● TASK DESCRIPTION
Skip the pictures. Output only the lines below starting at the line with "this 1280×1920 image." and ending at the line with "this 1725×1150 image.", both ends included, exactly as they are.

[Saved data entries]
· · ·

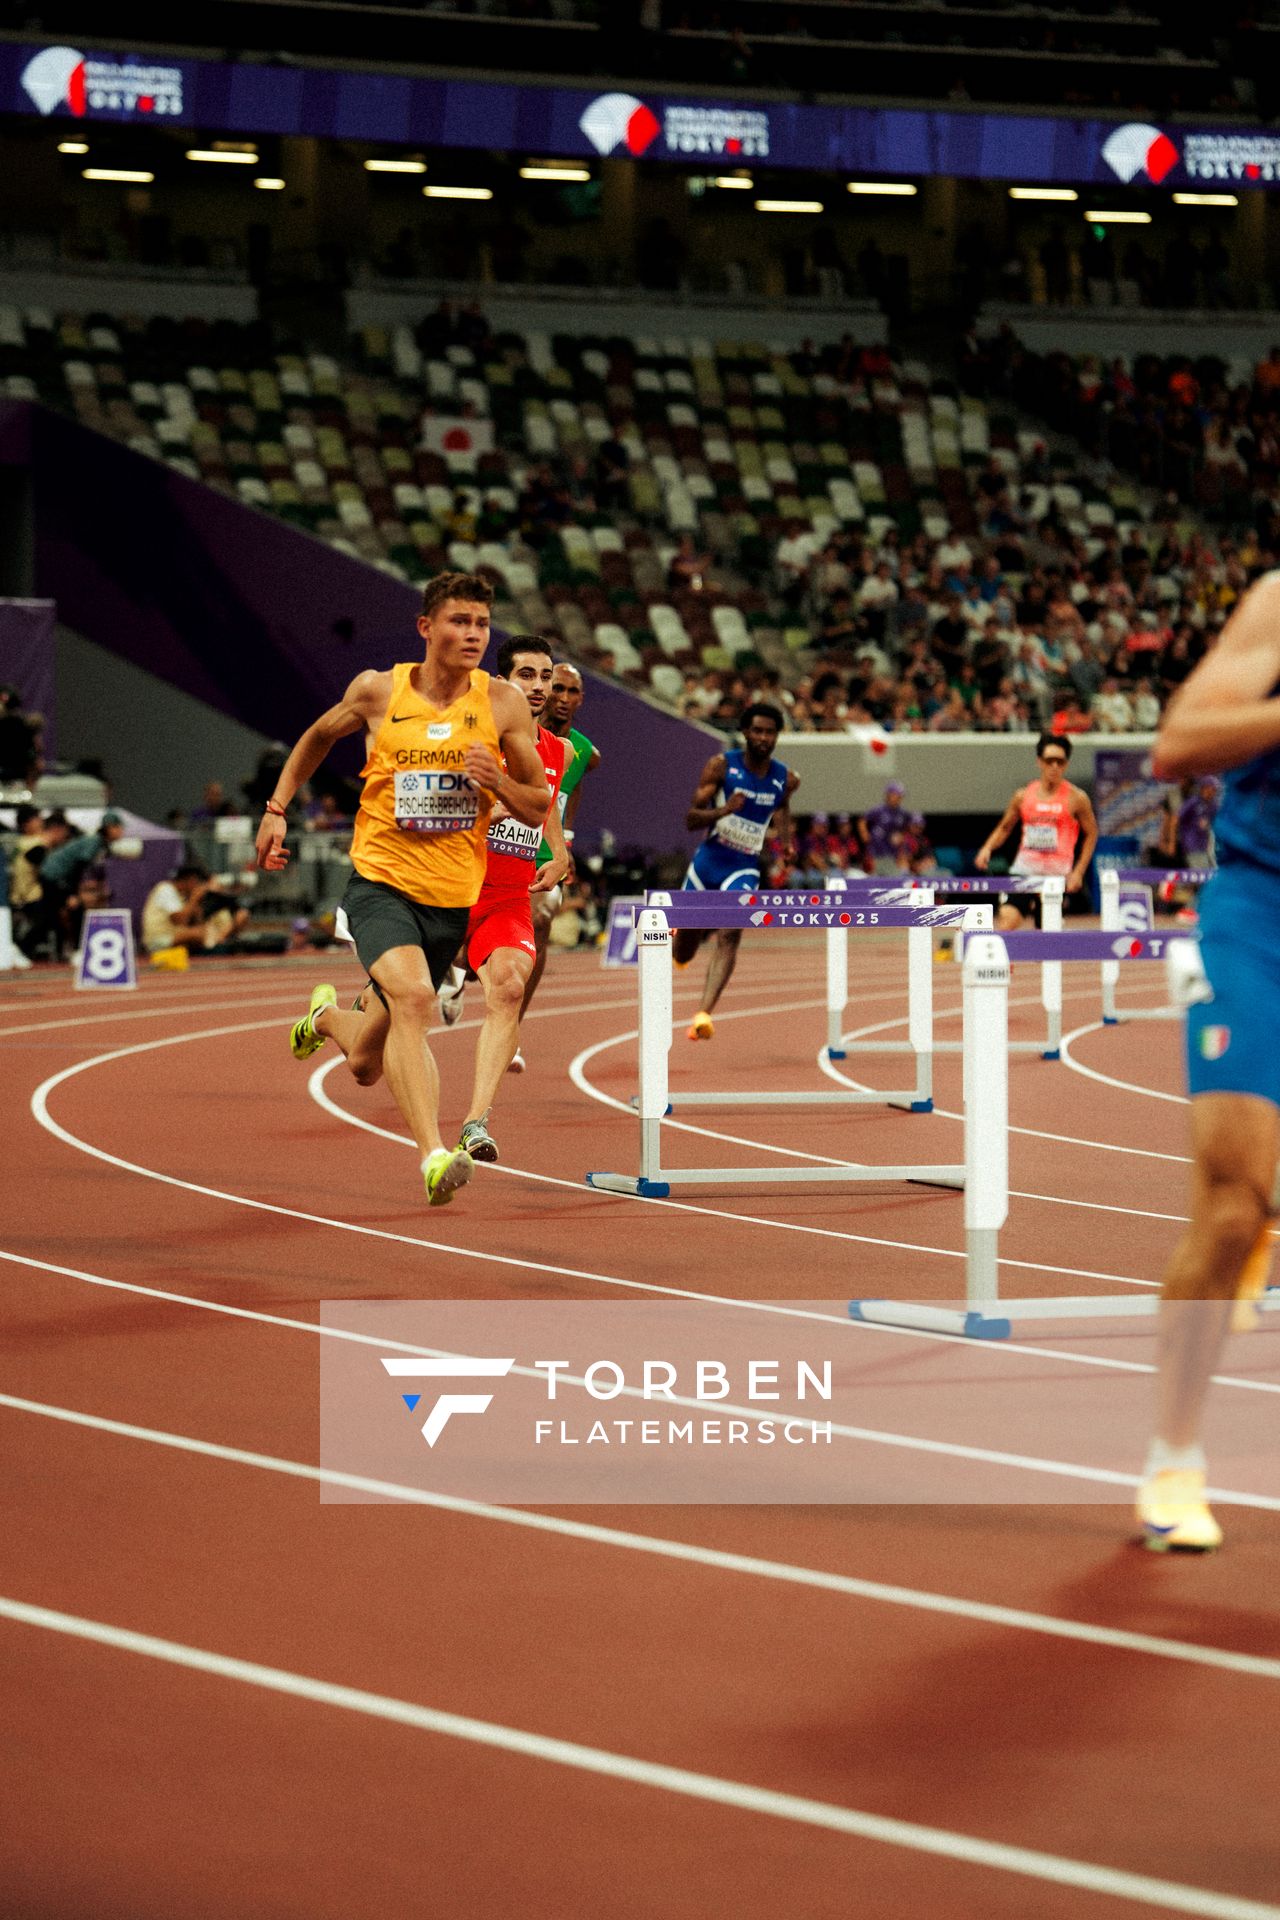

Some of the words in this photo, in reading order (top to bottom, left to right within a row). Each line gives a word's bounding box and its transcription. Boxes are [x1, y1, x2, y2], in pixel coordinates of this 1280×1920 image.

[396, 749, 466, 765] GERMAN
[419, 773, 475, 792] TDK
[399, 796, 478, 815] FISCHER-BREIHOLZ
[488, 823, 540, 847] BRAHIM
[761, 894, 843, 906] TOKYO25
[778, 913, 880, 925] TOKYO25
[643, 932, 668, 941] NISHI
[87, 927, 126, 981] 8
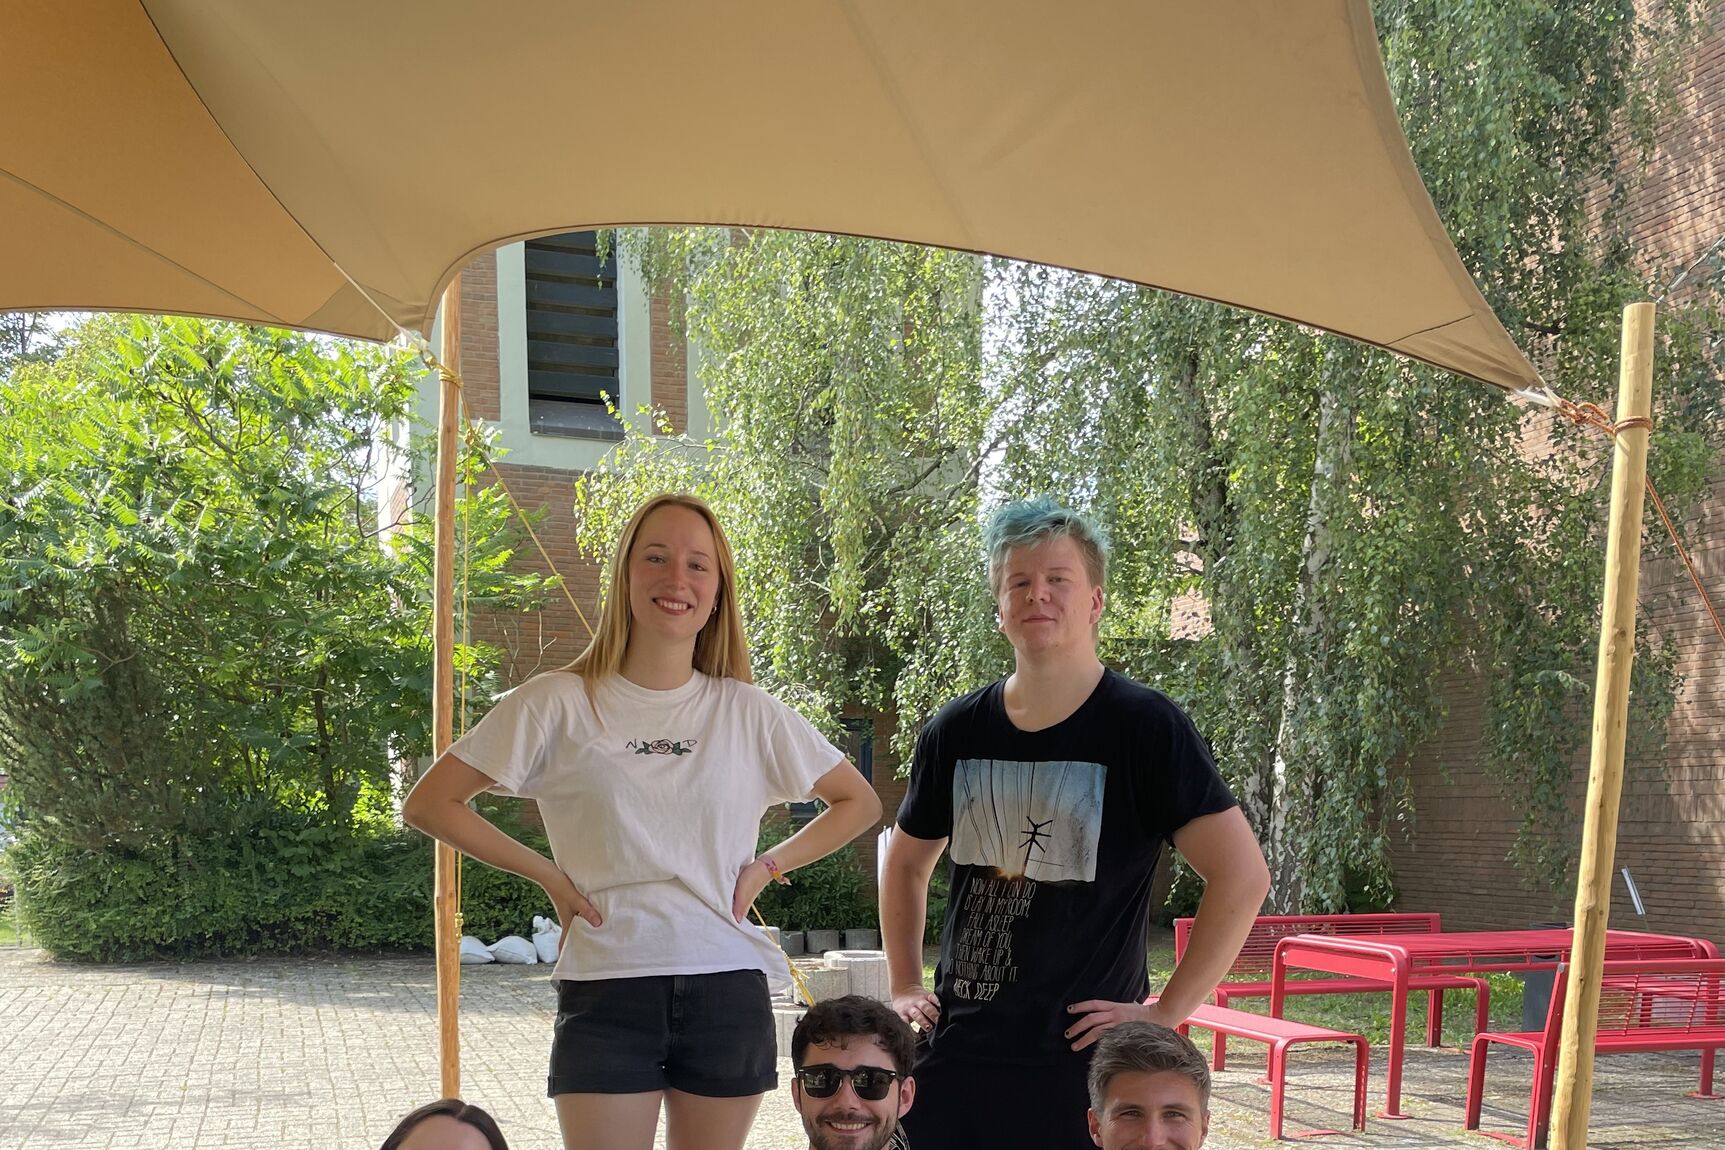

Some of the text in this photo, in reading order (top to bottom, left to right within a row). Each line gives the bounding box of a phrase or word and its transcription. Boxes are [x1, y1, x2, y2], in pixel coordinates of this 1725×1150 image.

· · ·

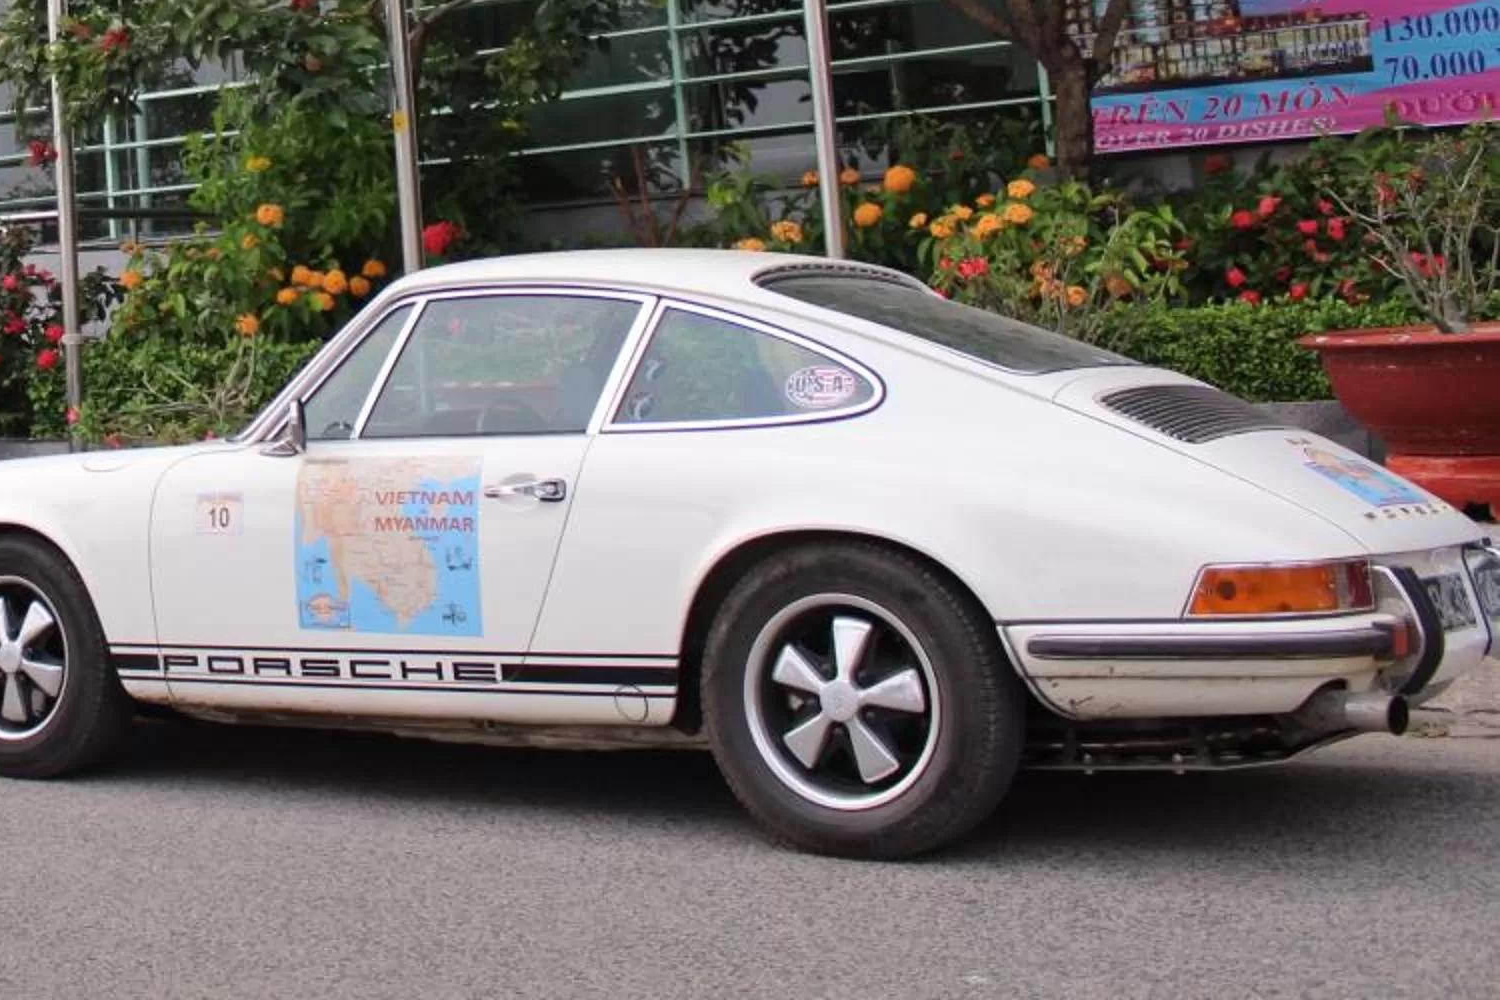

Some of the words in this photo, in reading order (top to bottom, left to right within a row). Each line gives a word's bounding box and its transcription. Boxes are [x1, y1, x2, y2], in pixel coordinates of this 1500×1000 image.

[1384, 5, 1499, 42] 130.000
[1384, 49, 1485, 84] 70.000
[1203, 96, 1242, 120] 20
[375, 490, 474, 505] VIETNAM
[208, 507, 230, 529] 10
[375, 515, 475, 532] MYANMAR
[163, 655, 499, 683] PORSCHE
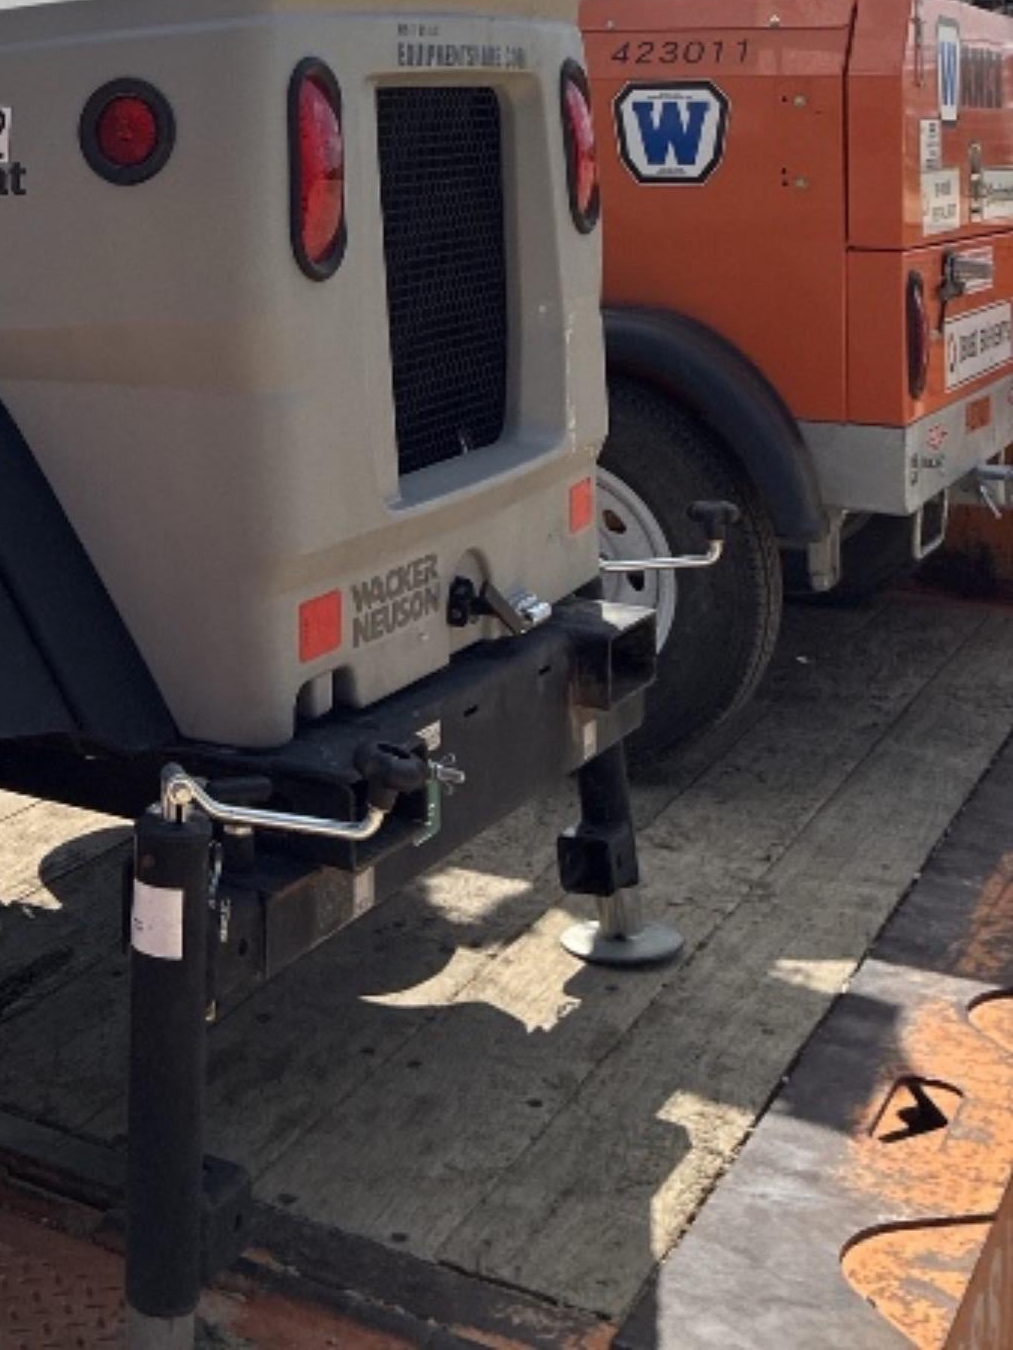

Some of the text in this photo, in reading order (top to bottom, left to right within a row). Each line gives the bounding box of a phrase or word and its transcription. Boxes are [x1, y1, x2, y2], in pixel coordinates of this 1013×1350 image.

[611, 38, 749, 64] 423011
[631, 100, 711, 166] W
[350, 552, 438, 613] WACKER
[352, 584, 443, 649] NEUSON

· · ·

● REPLY TO THE EXERCISE
Some of the words in this photo, in reading order (top to bottom, left to right within a row). Each line gives a word's bounding box and its transcription. Boxes are [x1, y1, x2, y2], in pixel coordinates of this 1280×1920 image.

[396, 749, 466, 765] GERMAN
[419, 773, 475, 792] TDK
[399, 796, 478, 815] FISCHER-BREIHOLZ
[488, 823, 540, 847] BRAHIM
[761, 894, 843, 906] TOKYO25
[778, 913, 880, 925] TOKYO25
[643, 932, 668, 941] NISHI
[87, 927, 126, 981] 8

Some of the text in this photo, in reading order (top to bottom, left to right within a row). Each line gives the bounding box of a phrase or word and its transcription. Boxes are [x1, y1, x2, y2], in pixel coordinates of this 1725×1150 image.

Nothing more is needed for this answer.